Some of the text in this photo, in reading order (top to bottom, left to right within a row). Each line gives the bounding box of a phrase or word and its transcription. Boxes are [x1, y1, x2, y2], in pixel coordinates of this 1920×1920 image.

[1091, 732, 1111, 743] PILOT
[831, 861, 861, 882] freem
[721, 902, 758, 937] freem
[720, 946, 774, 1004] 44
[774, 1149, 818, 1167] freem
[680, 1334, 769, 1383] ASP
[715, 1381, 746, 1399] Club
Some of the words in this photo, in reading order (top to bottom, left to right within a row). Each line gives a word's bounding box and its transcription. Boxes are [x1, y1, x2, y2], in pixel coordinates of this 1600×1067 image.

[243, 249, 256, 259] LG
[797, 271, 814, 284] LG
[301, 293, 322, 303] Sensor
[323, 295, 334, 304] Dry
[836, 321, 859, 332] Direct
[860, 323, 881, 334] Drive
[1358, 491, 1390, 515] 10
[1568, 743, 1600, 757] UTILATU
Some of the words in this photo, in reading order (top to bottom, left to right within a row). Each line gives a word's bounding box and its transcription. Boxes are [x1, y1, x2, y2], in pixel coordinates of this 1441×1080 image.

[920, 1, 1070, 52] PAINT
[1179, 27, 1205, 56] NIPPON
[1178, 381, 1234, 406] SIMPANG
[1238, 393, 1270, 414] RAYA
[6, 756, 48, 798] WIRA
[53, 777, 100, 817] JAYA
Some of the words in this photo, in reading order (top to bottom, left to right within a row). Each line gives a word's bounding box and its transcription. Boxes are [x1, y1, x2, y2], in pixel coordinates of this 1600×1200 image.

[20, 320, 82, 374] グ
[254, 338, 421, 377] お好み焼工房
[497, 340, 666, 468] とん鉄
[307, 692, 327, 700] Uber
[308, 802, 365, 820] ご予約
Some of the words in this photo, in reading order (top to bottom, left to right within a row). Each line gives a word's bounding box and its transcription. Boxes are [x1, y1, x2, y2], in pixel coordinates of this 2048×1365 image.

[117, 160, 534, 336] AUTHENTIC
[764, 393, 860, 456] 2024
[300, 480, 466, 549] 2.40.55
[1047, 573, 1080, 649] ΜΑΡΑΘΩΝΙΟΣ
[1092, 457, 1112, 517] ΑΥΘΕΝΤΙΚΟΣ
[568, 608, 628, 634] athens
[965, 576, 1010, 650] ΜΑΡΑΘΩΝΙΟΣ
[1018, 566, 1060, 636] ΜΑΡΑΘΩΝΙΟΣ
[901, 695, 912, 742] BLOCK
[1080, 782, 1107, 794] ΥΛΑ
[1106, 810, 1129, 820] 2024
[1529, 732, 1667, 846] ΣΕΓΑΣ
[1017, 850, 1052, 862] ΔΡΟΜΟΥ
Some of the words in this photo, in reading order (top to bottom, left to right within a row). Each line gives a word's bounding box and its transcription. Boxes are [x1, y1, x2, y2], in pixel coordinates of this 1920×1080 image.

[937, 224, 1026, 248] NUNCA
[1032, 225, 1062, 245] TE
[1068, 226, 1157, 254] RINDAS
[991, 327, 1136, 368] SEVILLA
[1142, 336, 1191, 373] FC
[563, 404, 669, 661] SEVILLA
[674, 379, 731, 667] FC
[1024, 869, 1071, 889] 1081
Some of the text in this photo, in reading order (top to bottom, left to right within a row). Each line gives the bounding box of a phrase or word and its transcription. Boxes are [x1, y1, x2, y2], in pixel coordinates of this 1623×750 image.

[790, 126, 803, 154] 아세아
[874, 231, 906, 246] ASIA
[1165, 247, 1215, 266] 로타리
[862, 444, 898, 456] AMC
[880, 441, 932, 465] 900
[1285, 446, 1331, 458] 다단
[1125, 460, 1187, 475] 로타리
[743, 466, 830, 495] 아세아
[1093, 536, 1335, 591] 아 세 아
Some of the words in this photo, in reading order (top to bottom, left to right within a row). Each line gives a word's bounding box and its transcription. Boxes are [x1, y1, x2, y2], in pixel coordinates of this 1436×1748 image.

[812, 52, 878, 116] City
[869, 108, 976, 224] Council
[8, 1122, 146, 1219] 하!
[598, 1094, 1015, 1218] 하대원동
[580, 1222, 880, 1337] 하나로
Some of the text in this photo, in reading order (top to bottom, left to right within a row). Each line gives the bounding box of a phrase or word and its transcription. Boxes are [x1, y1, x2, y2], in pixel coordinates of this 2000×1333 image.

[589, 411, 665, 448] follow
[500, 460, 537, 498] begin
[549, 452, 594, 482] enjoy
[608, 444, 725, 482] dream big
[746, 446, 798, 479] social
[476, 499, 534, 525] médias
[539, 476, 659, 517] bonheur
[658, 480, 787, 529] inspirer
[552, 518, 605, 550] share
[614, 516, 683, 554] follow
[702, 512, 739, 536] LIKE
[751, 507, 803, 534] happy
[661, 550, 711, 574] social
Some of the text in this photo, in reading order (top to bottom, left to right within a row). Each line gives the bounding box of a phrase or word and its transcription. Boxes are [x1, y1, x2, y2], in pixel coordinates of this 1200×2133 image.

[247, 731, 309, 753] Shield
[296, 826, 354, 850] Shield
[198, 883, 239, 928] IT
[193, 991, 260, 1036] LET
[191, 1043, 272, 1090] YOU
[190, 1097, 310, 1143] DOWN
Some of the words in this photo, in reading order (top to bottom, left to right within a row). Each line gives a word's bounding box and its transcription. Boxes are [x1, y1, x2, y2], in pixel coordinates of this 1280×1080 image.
■ ■ ■
▶ **WHAT NEEDS TO BE DONE**
Copy each entry exactly. Omit none.

▶ **PROBLEM SOLUTION**
Some of the text in this photo, in reading order (top to bottom, left to right within a row). Each line gives the bounding box of a phrase or word and its transcription. Boxes are [x1, y1, x2, y2], in pixel coordinates of this 1920×1920 image.

[1091, 732, 1111, 743] PILOT
[831, 861, 861, 882] freem
[721, 902, 758, 937] freem
[720, 946, 774, 1004] 44
[774, 1149, 818, 1167] freem
[680, 1334, 769, 1383] ASP
[715, 1381, 746, 1399] Club
Some of the words in this photo, in reading order (top to bottom, left to right within a row). Each line gives a word's bounding box and its transcription. Boxes are [x1, y1, x2, y2], in pixel coordinates of this 1600×1067 image.

[243, 249, 256, 259] LG
[797, 271, 814, 284] LG
[301, 293, 322, 303] Sensor
[323, 295, 334, 304] Dry
[836, 321, 859, 332] Direct
[860, 323, 881, 334] Drive
[1358, 491, 1390, 515] 10
[1568, 743, 1600, 757] UTILATU
Some of the words in this photo, in reading order (top to bottom, left to right within a row). Each line gives a word's bounding box and its transcription. Boxes are [x1, y1, x2, y2], in pixel coordinates of this 1441×1080 image.

[920, 1, 1070, 52] PAINT
[1179, 27, 1205, 56] NIPPON
[1178, 381, 1234, 406] SIMPANG
[1238, 393, 1270, 414] RAYA
[6, 756, 48, 798] WIRA
[53, 777, 100, 817] JAYA
Some of the words in this photo, in reading order (top to bottom, left to right within a row). Each line gives a word's bounding box and its transcription. Boxes are [x1, y1, x2, y2], in pixel coordinates of this 1600×1200 image.

[20, 320, 82, 374] グ
[254, 338, 421, 377] お好み焼工房
[497, 340, 666, 468] とん鉄
[307, 692, 327, 700] Uber
[308, 802, 365, 820] ご予約
Some of the words in this photo, in reading order (top to bottom, left to right within a row). Each line gives a word's bounding box and its transcription. Boxes are [x1, y1, x2, y2], in pixel coordinates of this 2048×1365 image.

[117, 160, 534, 336] AUTHENTIC
[764, 393, 860, 456] 2024
[300, 480, 466, 549] 2.40.55
[1047, 573, 1080, 649] ΜΑΡΑΘΩΝΙΟΣ
[1092, 457, 1112, 517] ΑΥΘΕΝΤΙΚΟΣ
[568, 608, 628, 634] athens
[965, 576, 1010, 650] ΜΑΡΑΘΩΝΙΟΣ
[1018, 566, 1060, 636] ΜΑΡΑΘΩΝΙΟΣ
[901, 695, 912, 742] BLOCK
[1080, 782, 1107, 794] ΥΛΑ
[1106, 810, 1129, 820] 2024
[1529, 732, 1667, 846] ΣΕΓΑΣ
[1017, 850, 1052, 862] ΔΡΟΜΟΥ
Some of the words in this photo, in reading order (top to bottom, left to right within a row). Each line gives a word's bounding box and its transcription. Boxes are [x1, y1, x2, y2], in pixel coordinates of this 1920×1080 image.

[937, 224, 1026, 248] NUNCA
[1032, 225, 1062, 245] TE
[1068, 226, 1157, 254] RINDAS
[991, 327, 1136, 368] SEVILLA
[1142, 336, 1191, 373] FC
[563, 404, 669, 661] SEVILLA
[674, 379, 731, 667] FC
[1024, 869, 1071, 889] 1081
Some of the text in this photo, in reading order (top to bottom, left to right within a row). Each line gives the bounding box of a phrase or word and its transcription. Boxes are [x1, y1, x2, y2], in pixel coordinates of this 1623×750 image.

[790, 126, 803, 154] 아세아
[874, 231, 906, 246] ASIA
[1165, 247, 1215, 266] 로타리
[862, 444, 898, 456] AMC
[880, 441, 932, 465] 900
[1285, 446, 1331, 458] 다단
[1125, 460, 1187, 475] 로타리
[743, 466, 830, 495] 아세아
[1093, 536, 1335, 591] 아 세 아
Some of the words in this photo, in reading order (top to bottom, left to right within a row). Each line gives a word's bounding box and its transcription. Boxes are [x1, y1, x2, y2], in pixel coordinates of this 1436×1748 image.

[812, 52, 878, 116] City
[869, 108, 976, 224] Council
[8, 1122, 146, 1219] 하!
[598, 1094, 1015, 1218] 하대원동
[580, 1222, 880, 1337] 하나로
Some of the text in this photo, in reading order (top to bottom, left to right within a row). Each line gives the bounding box of a phrase or word and its transcription. Boxes are [x1, y1, x2, y2], in pixel coordinates of this 2000×1333 image.

[589, 411, 665, 448] follow
[500, 460, 537, 498] begin
[549, 452, 594, 482] enjoy
[608, 444, 725, 482] dream big
[746, 446, 798, 479] social
[476, 499, 534, 525] médias
[539, 476, 659, 517] bonheur
[658, 480, 787, 529] inspirer
[552, 518, 605, 550] share
[614, 516, 683, 554] follow
[702, 512, 739, 536] LIKE
[751, 507, 803, 534] happy
[661, 550, 711, 574] social
Some of the text in this photo, in reading order (top to bottom, left to right within a row). Each line gives the bounding box of a phrase or word and its transcription. Boxes are [x1, y1, x2, y2], in pixel coordinates of this 1200×2133 image.

[247, 731, 309, 753] Shield
[296, 826, 354, 850] Shield
[198, 883, 239, 928] IT
[193, 991, 260, 1036] LET
[191, 1043, 272, 1090] YOU
[190, 1097, 310, 1143] DOWN
Some of the words in this photo, in reading order (top to bottom, left to right within a row). Each line gives a word's bounding box and its transcription. Boxes are [x1, y1, x2, y2], in pixel coordinates of this 1280×1080 image.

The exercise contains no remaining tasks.